See, isn’t that better than dwelling on the fact that a third of the adult population of New Orleans can’t read above fifth grade level? How smart does that make you?
****************************************
I finally decided to open the box. I mean, hell that’s more important than the fact that less than half the registered voters actually vote here (and only a fraction of those eligible even register).
First I stood the box on its head for a couple of hours to disorient them. I don’t want any oriented crayons, not on my watch.
And then for the moment of truth.
***********************************************
I opened the box slowly, carefully, with extreme trepidation, forgetting to breathe.
“Holy Cannoli” I exhaled, “they’re in four smaller boxes and there’s no rhyme or reason to their distribution!” I said to no one in particular. The cat eyed me suspiciously from her perch atop the computer printer. I cleared some space on the desk, dumped the crayons out and tried to make some order, or at least get some sense. I started by looking for ‘patterns’ and some emerged.
The Greens were outnumbered, the Red family that drifted into the Oranges held the power, Yellows are almost extinct having inter bred with every other color. Purples were uppity; Silver was being treated like a red headed stepchild, while Black and White simply did not give a shit.
The colors will boggle your mind. There’s Orange, Red Orange and Yellow Orange. There’s Macaroni and Cheese, Purple Mountain’s Majesty, Timberwolf, Asparagus (looking a little overcooked if you ask me), Tumbleweed and Granny Smith Apple! I kid you not. There’s even a color called Bittersweet; I had wondered about that.

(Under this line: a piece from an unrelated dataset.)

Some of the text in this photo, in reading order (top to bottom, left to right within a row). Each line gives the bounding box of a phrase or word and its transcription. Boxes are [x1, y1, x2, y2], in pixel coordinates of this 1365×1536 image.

But, it was the family of the Blues that blew my mind: Cadet, Turquoise, Pacific, Sky and Robin’s Egg Blue. Cornflower, Cerulean (?), Periwinkle, Blue Green (not to be confused with Green Blue), and of course Blue. I wondered how many shades of the blues there were, and, would B. B. King be able to sing about them all?

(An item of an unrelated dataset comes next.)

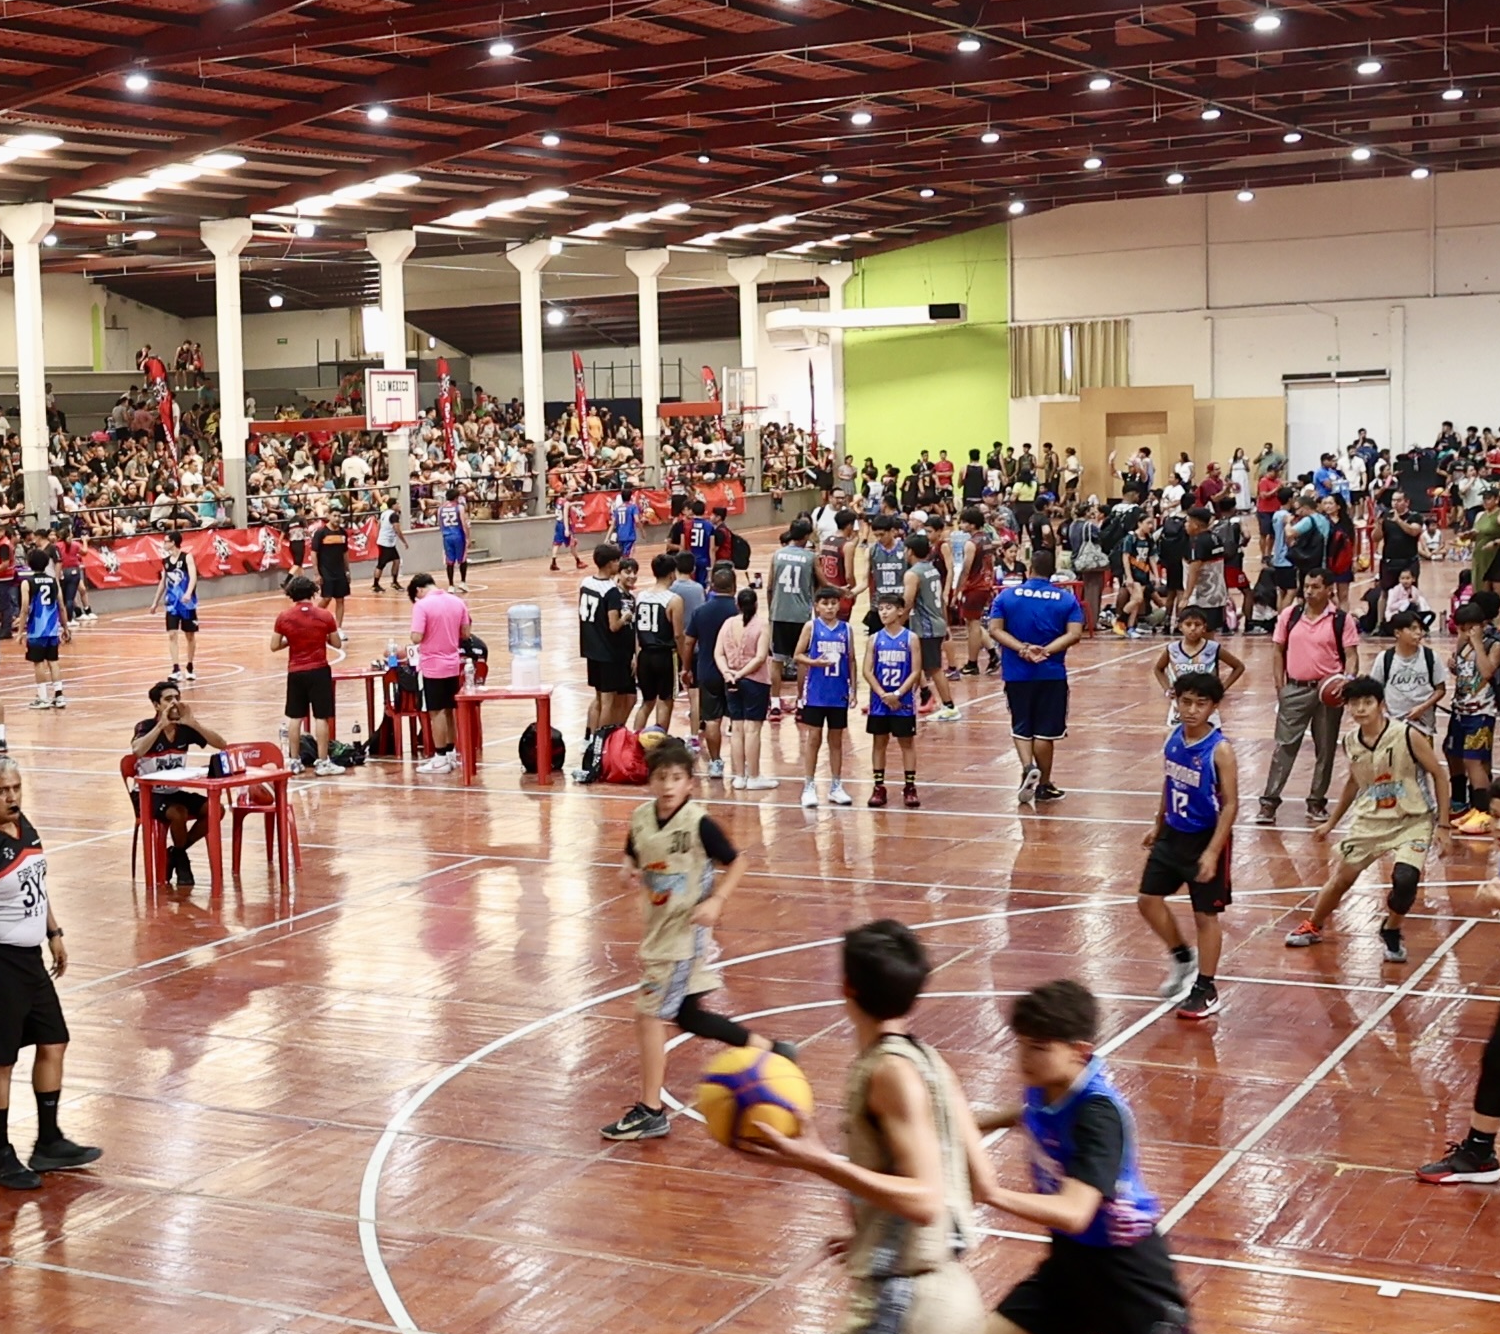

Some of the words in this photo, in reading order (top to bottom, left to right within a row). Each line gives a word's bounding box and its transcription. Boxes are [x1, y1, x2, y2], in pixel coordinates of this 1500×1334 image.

[778, 564, 802, 594] 41
[39, 584, 51, 605] 2
[1014, 588, 1061, 600] COACH
[882, 668, 901, 686] 22

Putting them back (in order, of course) I didn’t see Aqua Marine and there were no flesh tones of any ethnic group in evidence. My neighbor assures me that there’s a box of ninety-six out there and has intimated that the next time she leaves the French Quarter she’ll look for it for me. As a hard core Quarterite, I live with the shopping policy that: “If it’s not found in the French Quarter, I don’t really need it”

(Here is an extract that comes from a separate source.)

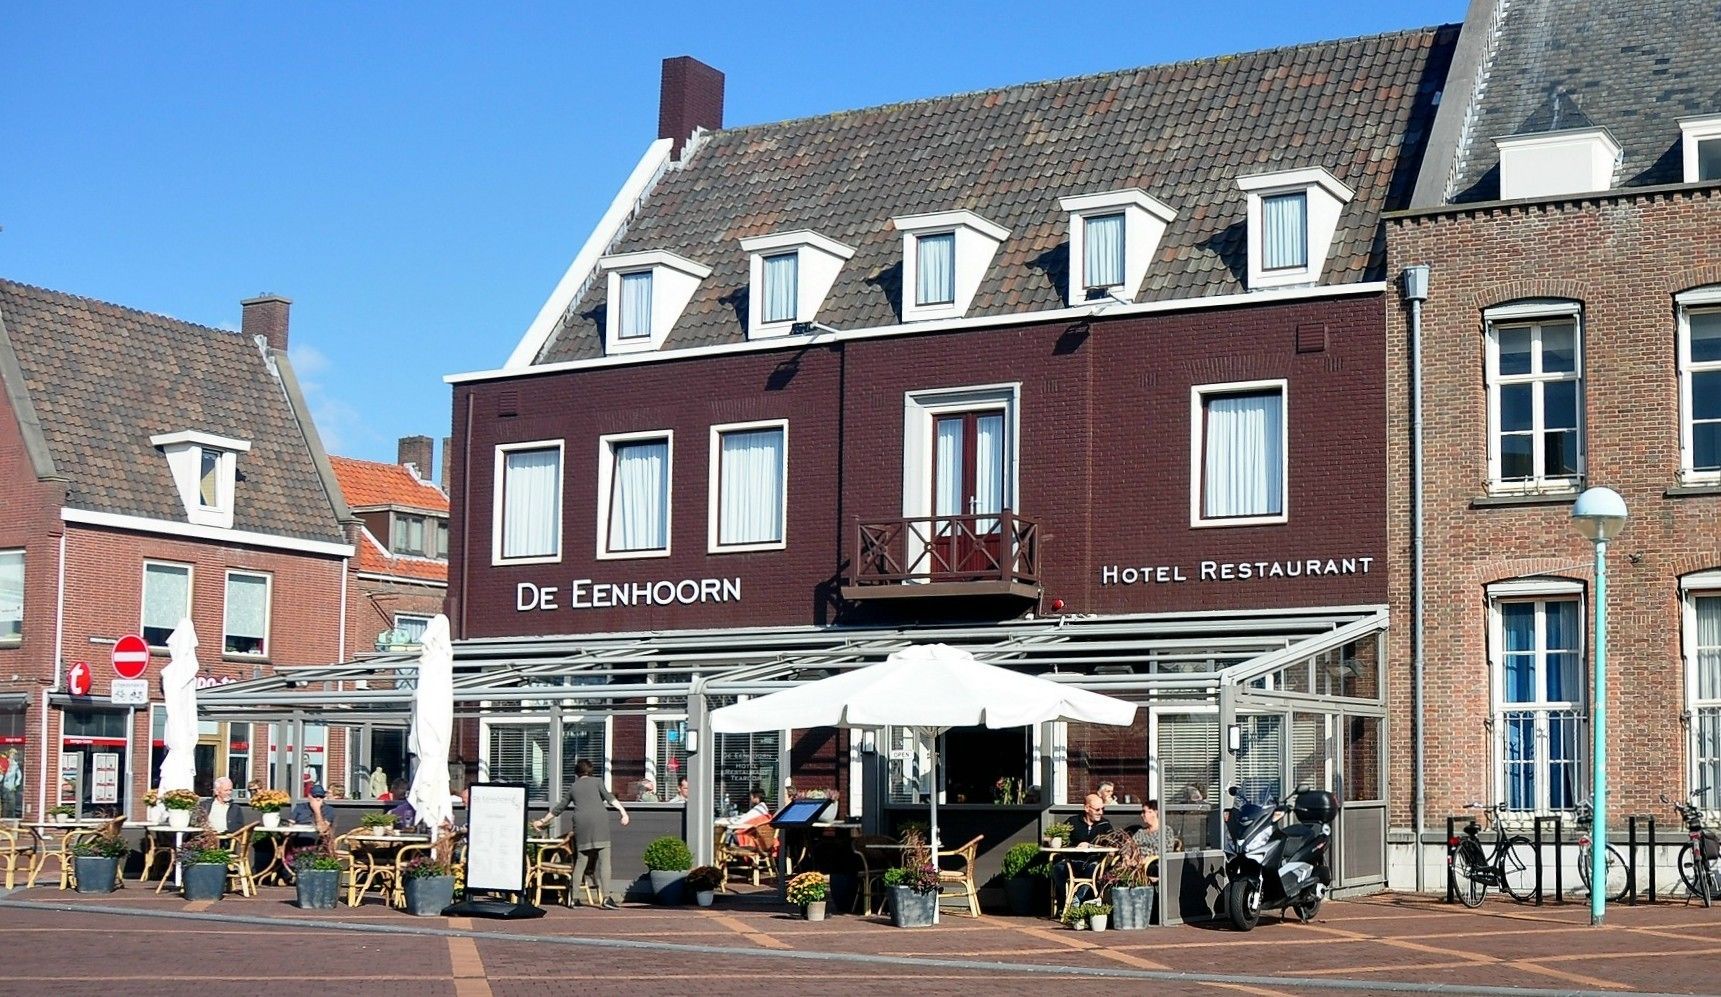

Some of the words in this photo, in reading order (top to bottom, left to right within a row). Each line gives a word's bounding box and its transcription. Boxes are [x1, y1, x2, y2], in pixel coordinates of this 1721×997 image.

[1102, 565, 1187, 585] HOTEL
[1200, 557, 1374, 581] RESTAURANT
[70, 663, 84, 695] t

There, that’s easier than trying to figure out why it seems that The American Dream is being filmed in Myopic-Vision and is being directed by Frederico Fellini, from beyond the grave; hang on……, I thought I just heard Raw Umber telling Olive Green to “Stop whining and get a !@@##$$%%*8* Job!!”
It’s time to reseal that box, there is such a thing as too much information. And besides, who’d believe me?